| TASK DIRECTIONS |
Please copy every record below exactly and leave out the pictures.

| MATERIAL SHOWN |
***

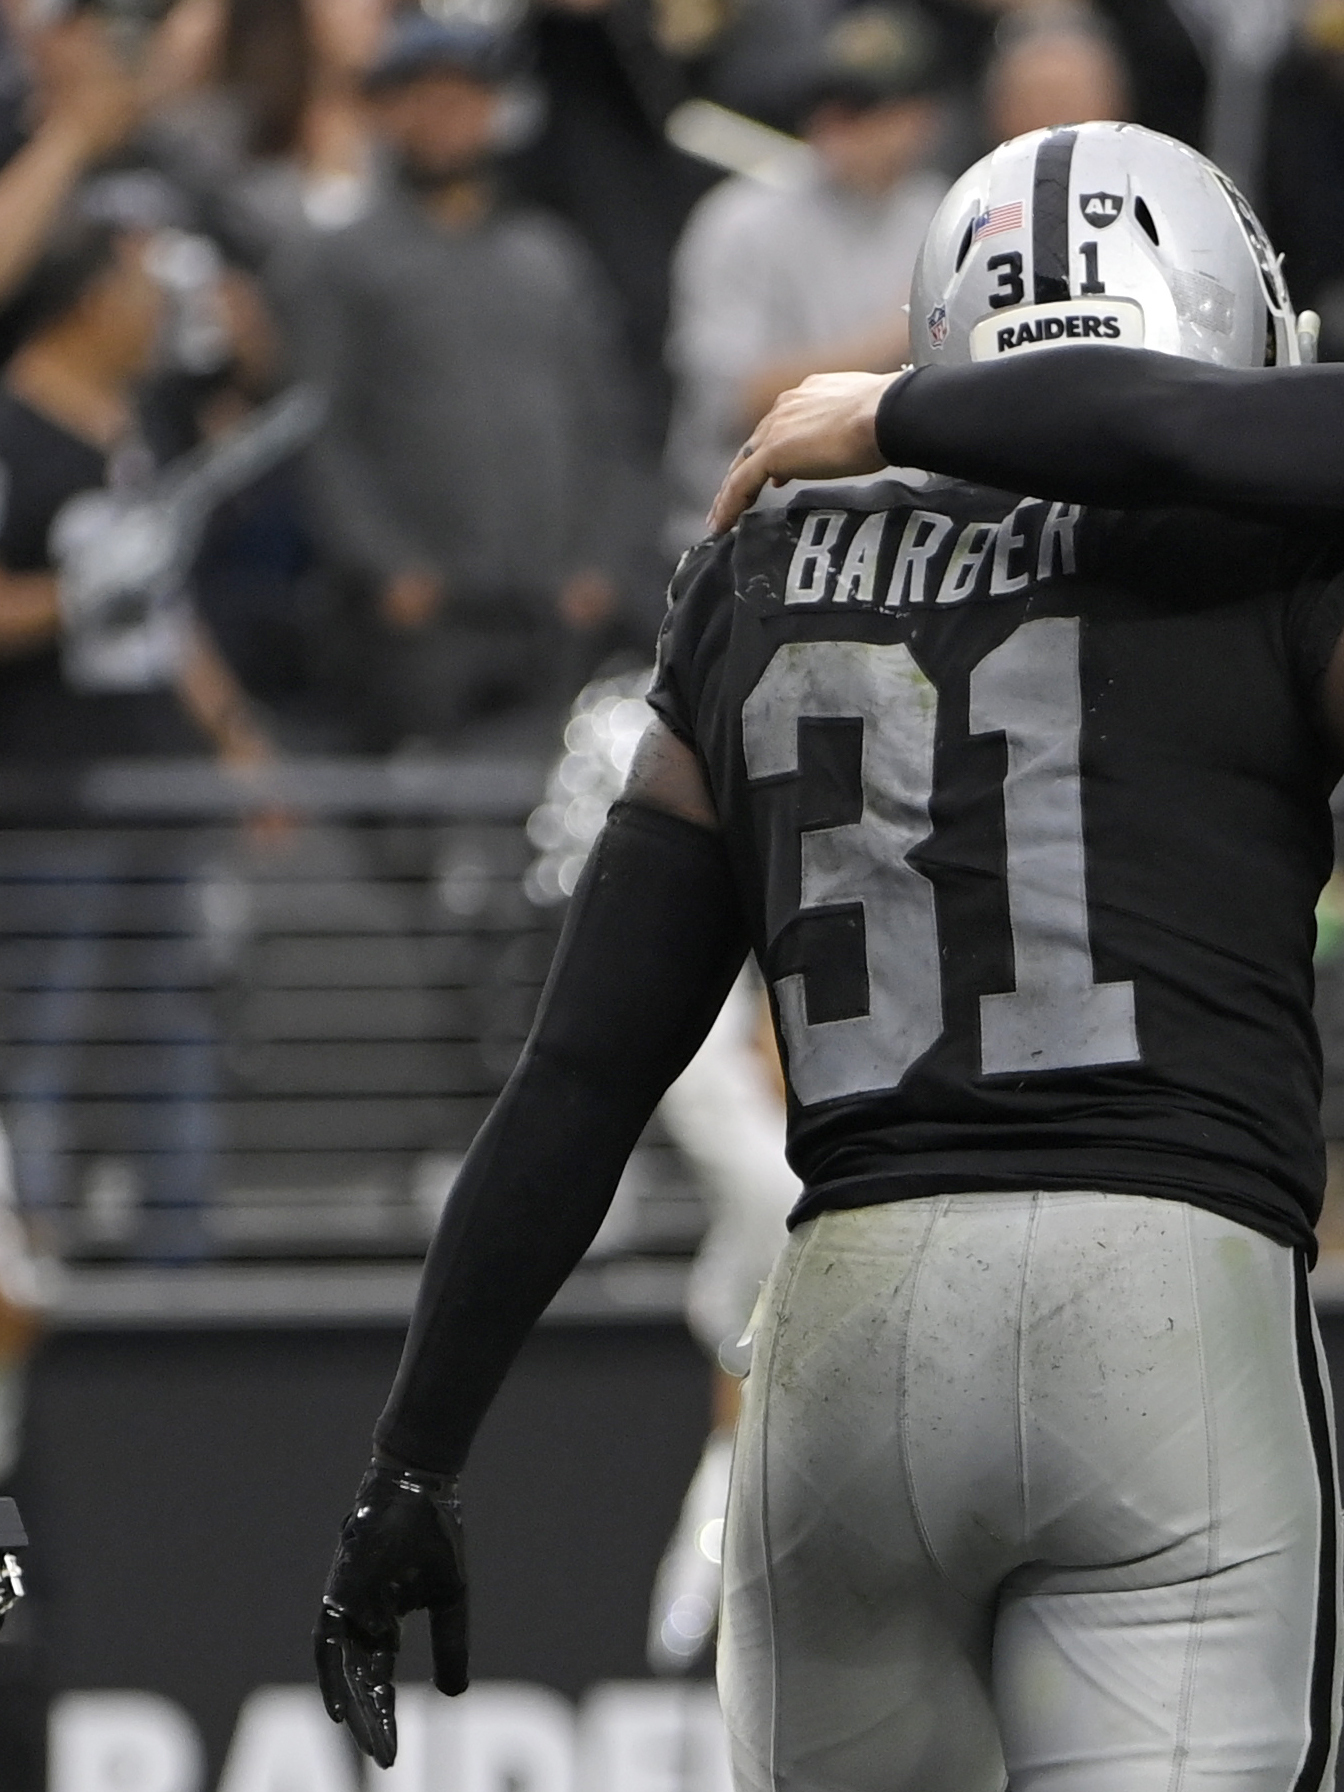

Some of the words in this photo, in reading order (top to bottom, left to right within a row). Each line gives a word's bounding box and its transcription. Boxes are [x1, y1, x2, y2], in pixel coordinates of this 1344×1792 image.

[1084, 198, 1118, 215] AL
[997, 315, 1121, 353] RAIDERS
[784, 497, 1082, 606] BARBER
[742, 617, 1141, 1107] 31
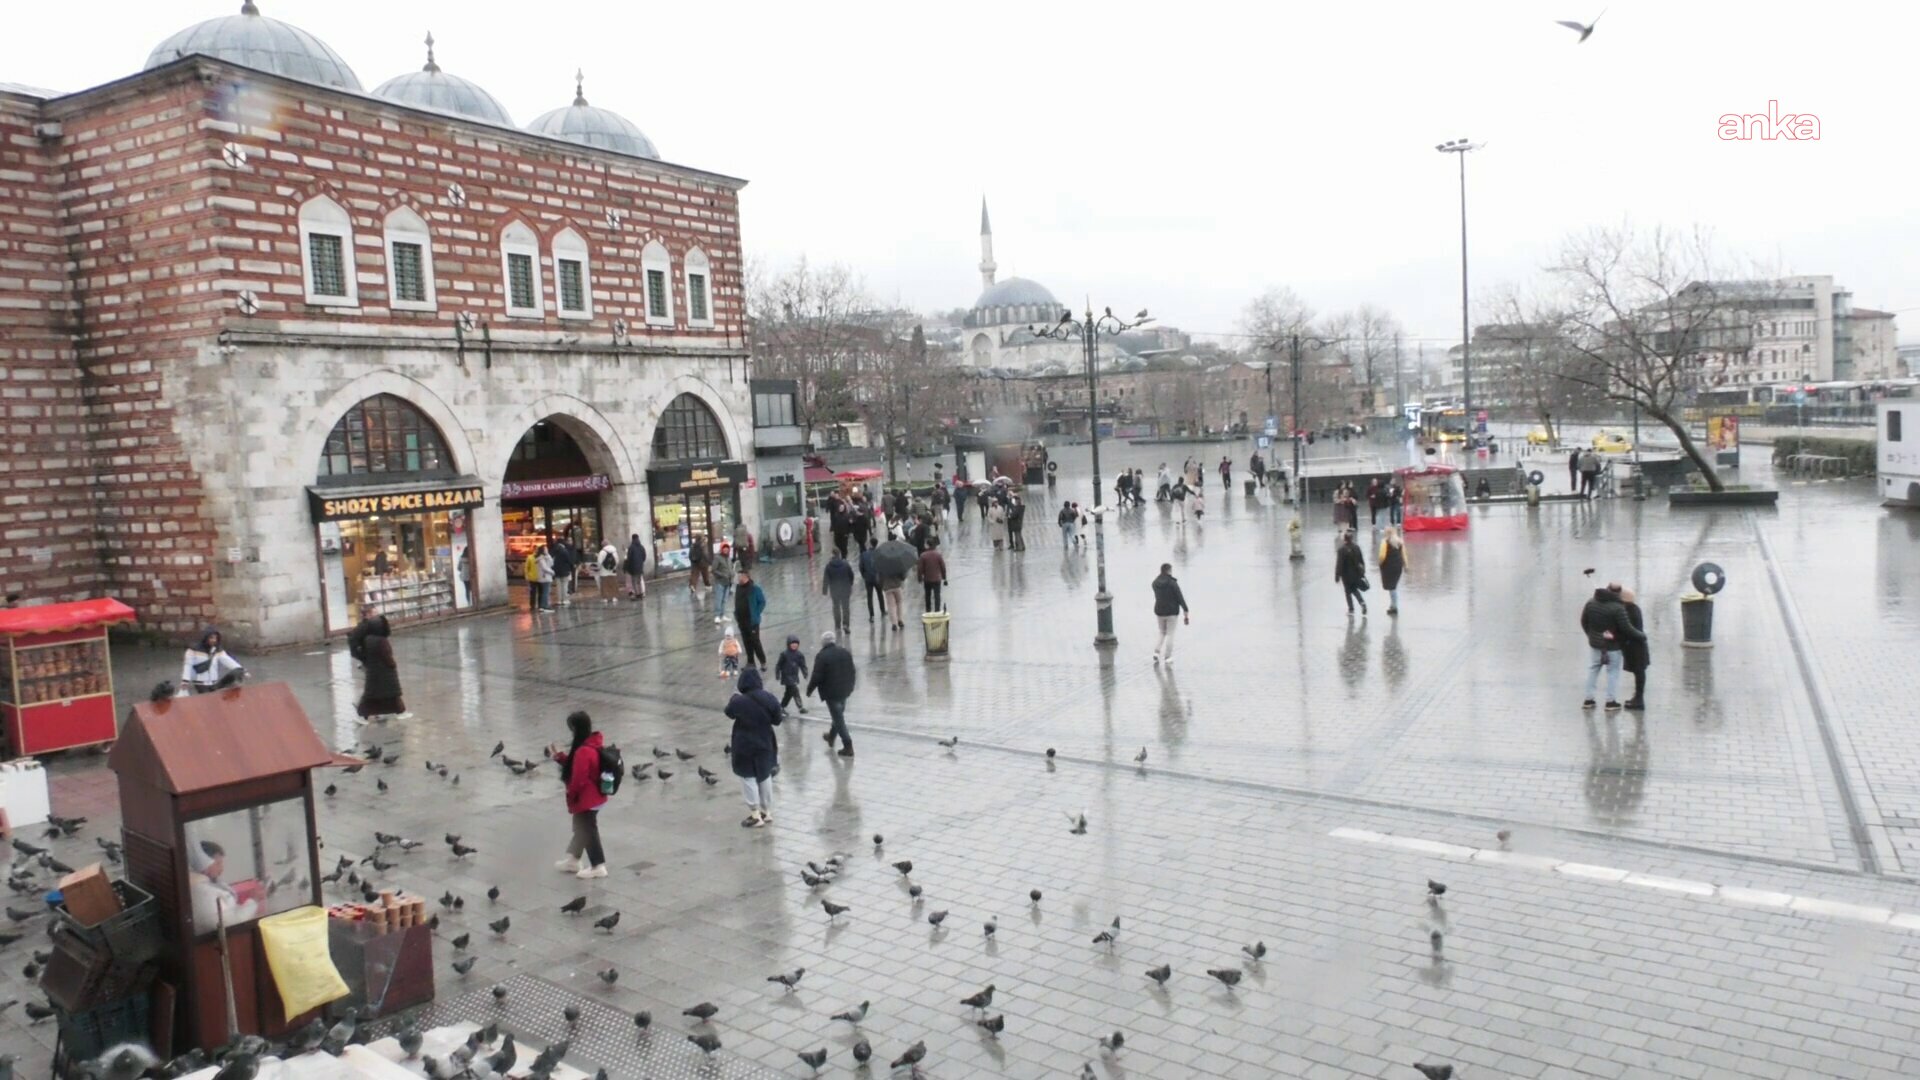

***

| WRITTEN ANSWER |
Some of the words in this photo, in reading order (top to bottom, left to right within a row). Each line gives a word's bounding box and its transcription. Boxes are [x1, y1, x2, y2], in pixel coordinates of this 1344×1792 image.

[1084, 198, 1118, 215] AL
[997, 315, 1121, 353] RAIDERS
[784, 497, 1082, 606] BARBER
[742, 617, 1141, 1107] 31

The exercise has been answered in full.